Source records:
►

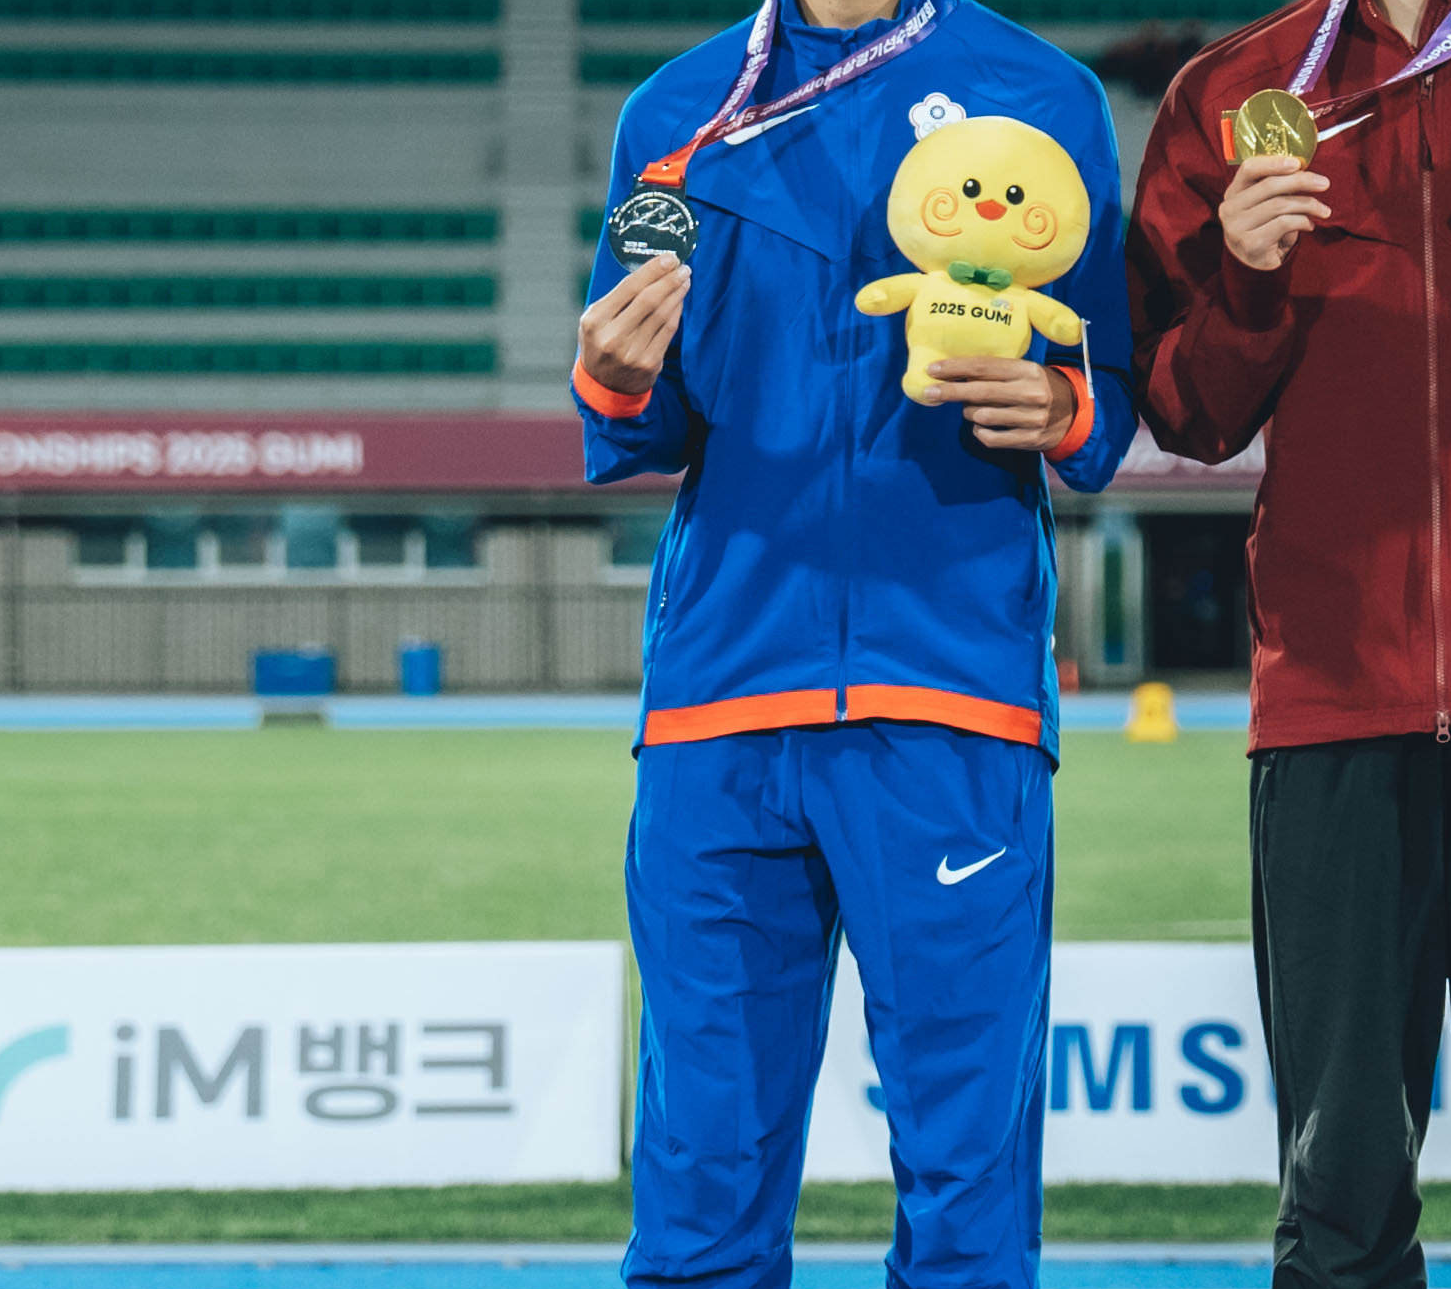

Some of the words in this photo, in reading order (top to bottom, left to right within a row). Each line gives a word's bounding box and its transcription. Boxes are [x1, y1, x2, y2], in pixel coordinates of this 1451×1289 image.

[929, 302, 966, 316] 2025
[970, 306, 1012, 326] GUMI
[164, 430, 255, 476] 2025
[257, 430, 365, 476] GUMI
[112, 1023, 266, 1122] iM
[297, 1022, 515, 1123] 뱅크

◄

PROBLEM REQUIREMENTS:
Reproduce each line above precisely, with no pictures.

OUTPUT:
Some of the words in this photo, in reading order (top to bottom, left to right within a row). Each line gives a word's bounding box and its transcription. Boxes are [x1, y1, x2, y2], in pixel coordinates of this 1451×1289 image.

[929, 302, 966, 316] 2025
[970, 306, 1012, 326] GUMI
[164, 430, 255, 476] 2025
[257, 430, 365, 476] GUMI
[112, 1023, 266, 1122] iM
[297, 1022, 515, 1123] 뱅크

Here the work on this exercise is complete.